More than three decades ago, the Minnesota Department of Natural Resources embarked on an ambitious task: completing the first “comprehensive” survey of Minnesota’s biological diversity.
What does that mean, exactly? Essentially, the DNR’s scientists divvied up the state’s various counties and regions, “scoured” historic documents and files on each area, and, once they got permission from the local landowners, went on a feverish hunt for every species of plant and animal they could find.
“We use special methods to track down animals, from auditory recordings of bat calls to live traps for mammals and hand nets for butterflies,” Hannah Texler, a DNR plant ecologist, wrote in a recent report. They collected bees, moths, ferns that hadn’t been seen in the state since 1903, and pudgy, itty-bitty salamanders that hadn’t been seen here since… ever.
In fact, those four-toed salamanders (found in 1994) were one of 35 species of plants and animals that had never before been spotted in Minnesota prior to this massive survey, which in 2010 turned up a type of tortricid moth we thought only lived in Mississippi.
Thanks to this nearly completed data, we now know more about the living treasures that call Minnesota home. We have more wolves than any state but Alaska, one of the largest populations of golden-winged warblers in North America, and one very special plant species found nowhere else on Earth: the Minnesota dwarf trout lily. Not as catchy as the lady slipper, perhaps, but still a rare find.
But we also know the state of their tenuous existence. According to Texler’s report, quite a bit of Minnesota’s natural habitat has been lost since the 1800s. We’re clinging to 1 percent of our native prairie. Our forests, just over half of which were the mature, “old-growth” trees preferred by certain species, are now 4 percent old growth.
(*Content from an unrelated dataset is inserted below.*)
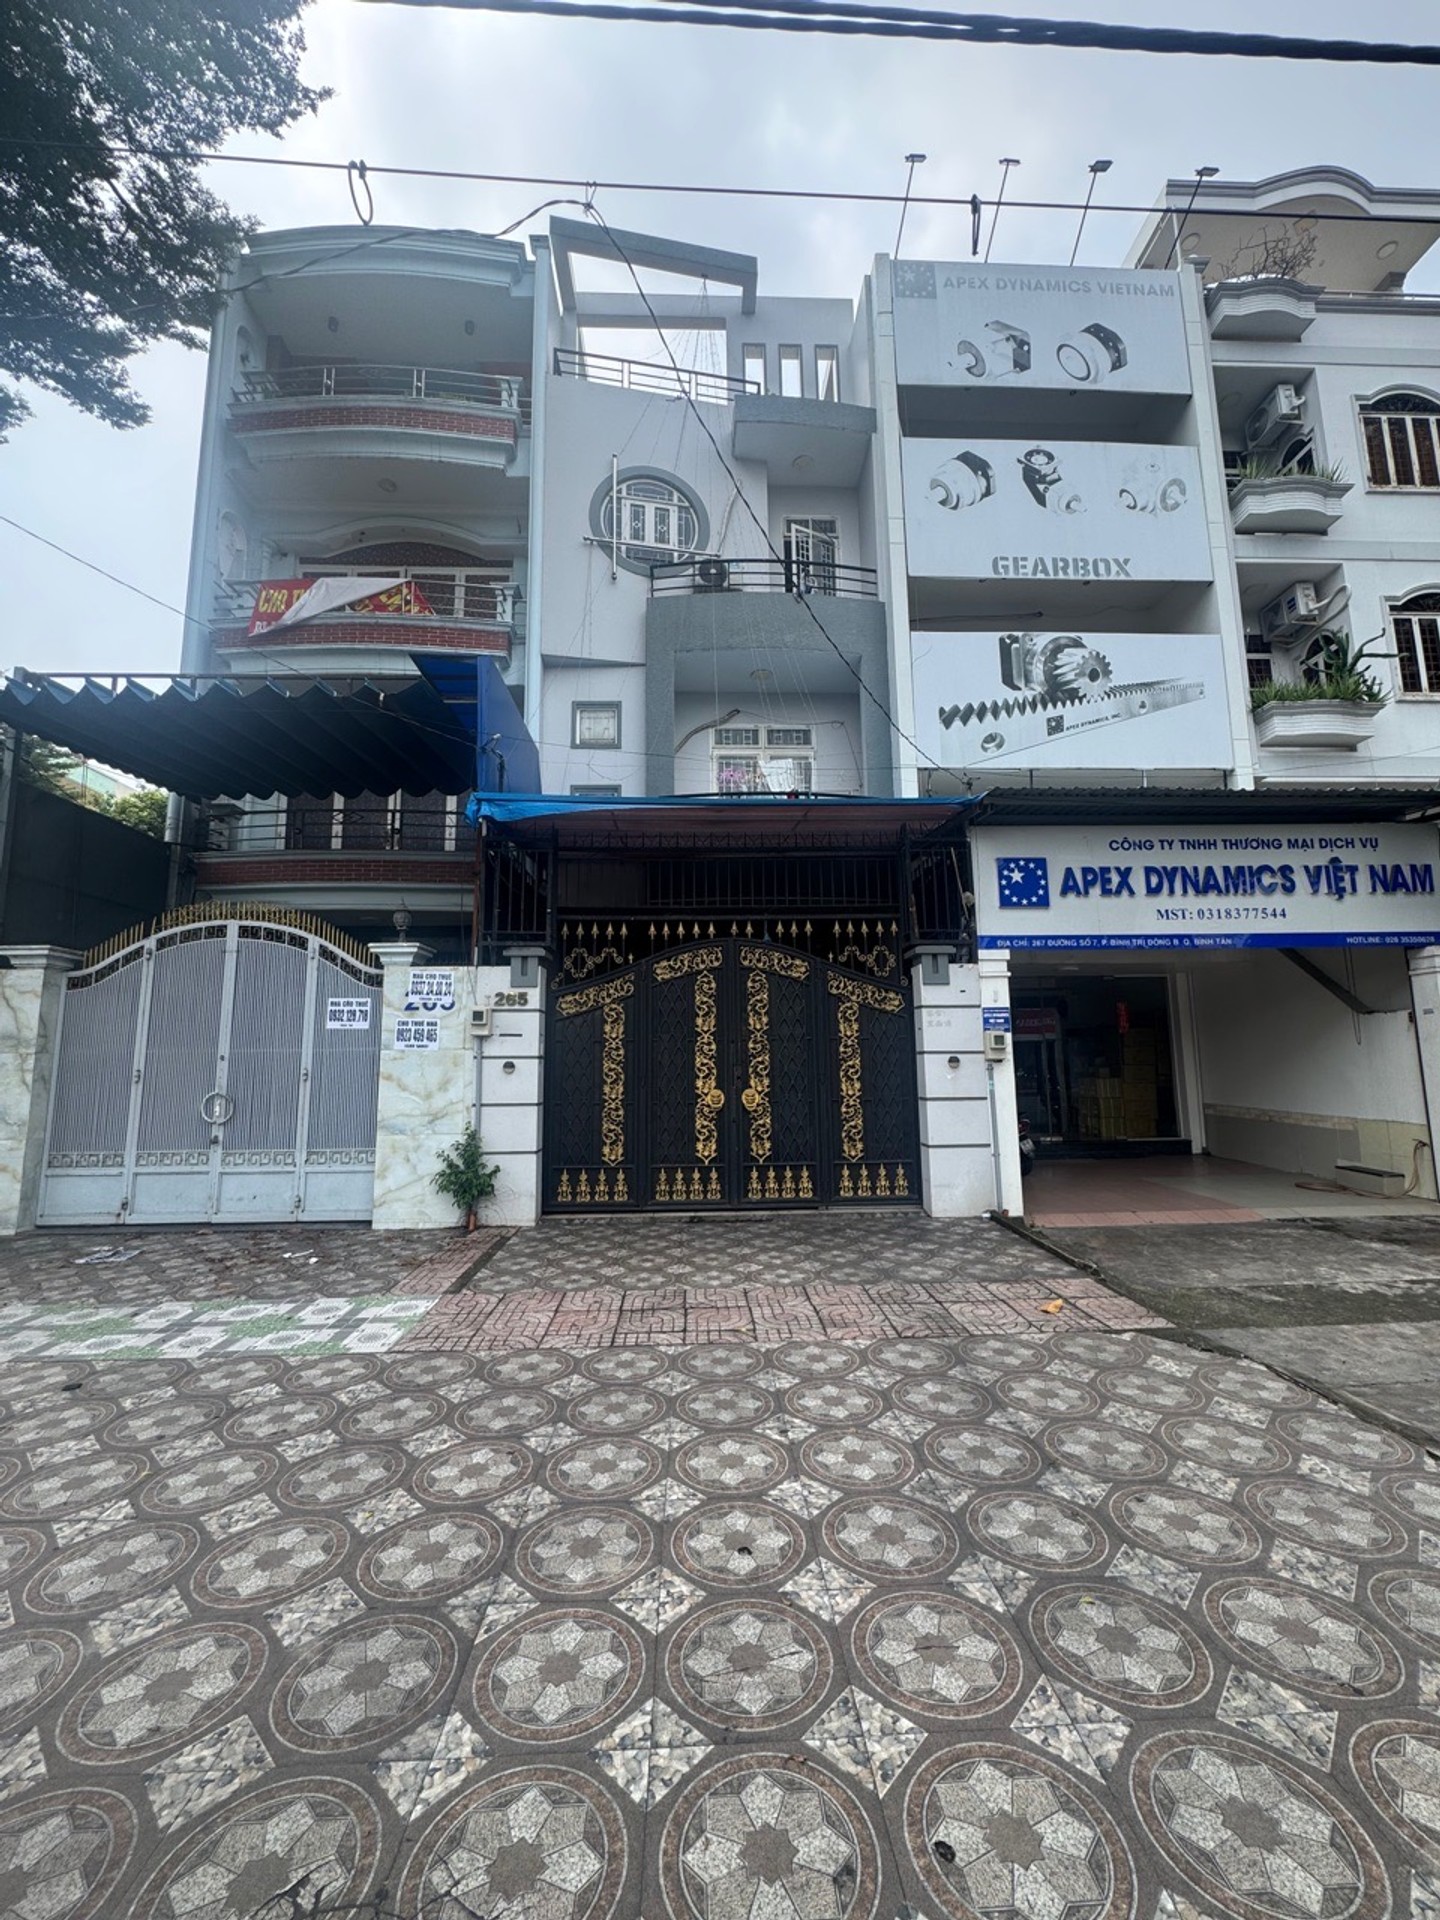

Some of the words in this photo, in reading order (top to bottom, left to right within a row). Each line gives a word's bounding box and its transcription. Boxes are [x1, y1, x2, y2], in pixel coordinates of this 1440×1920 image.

In fact, in the past 150 years, we have lost over 50 percent of our wetlands, 40 percent of our forests, and more than 98 percent of our prairies, thanks mostly to farming and development.
Several species are paying the price. Remember that unique-to-Minnesota dwarf trout lily? It only lives on about 600 acres of woodland in just three counties: Goodhue, Rice, and Steele. It’s federally endangered due to human activity and the influx of invasive species.
The good news, Texler says, is that we still have pockets of land rich in this diverse wildlife, and now, thanks to the survey project, we know where they are. Our next steps are to figure out how best to use that data to protect them. That includes environmental reviews on developments and mining projects, and deciding which spots to preserve as park land.
In the meantime, the DNR biologists still have a little bit of work to do.
“Biologists have barely begun to collect information on insects, lichens, mosses, and fungi,” Texler wrote. “Many places around the state would benefit from additional survey.”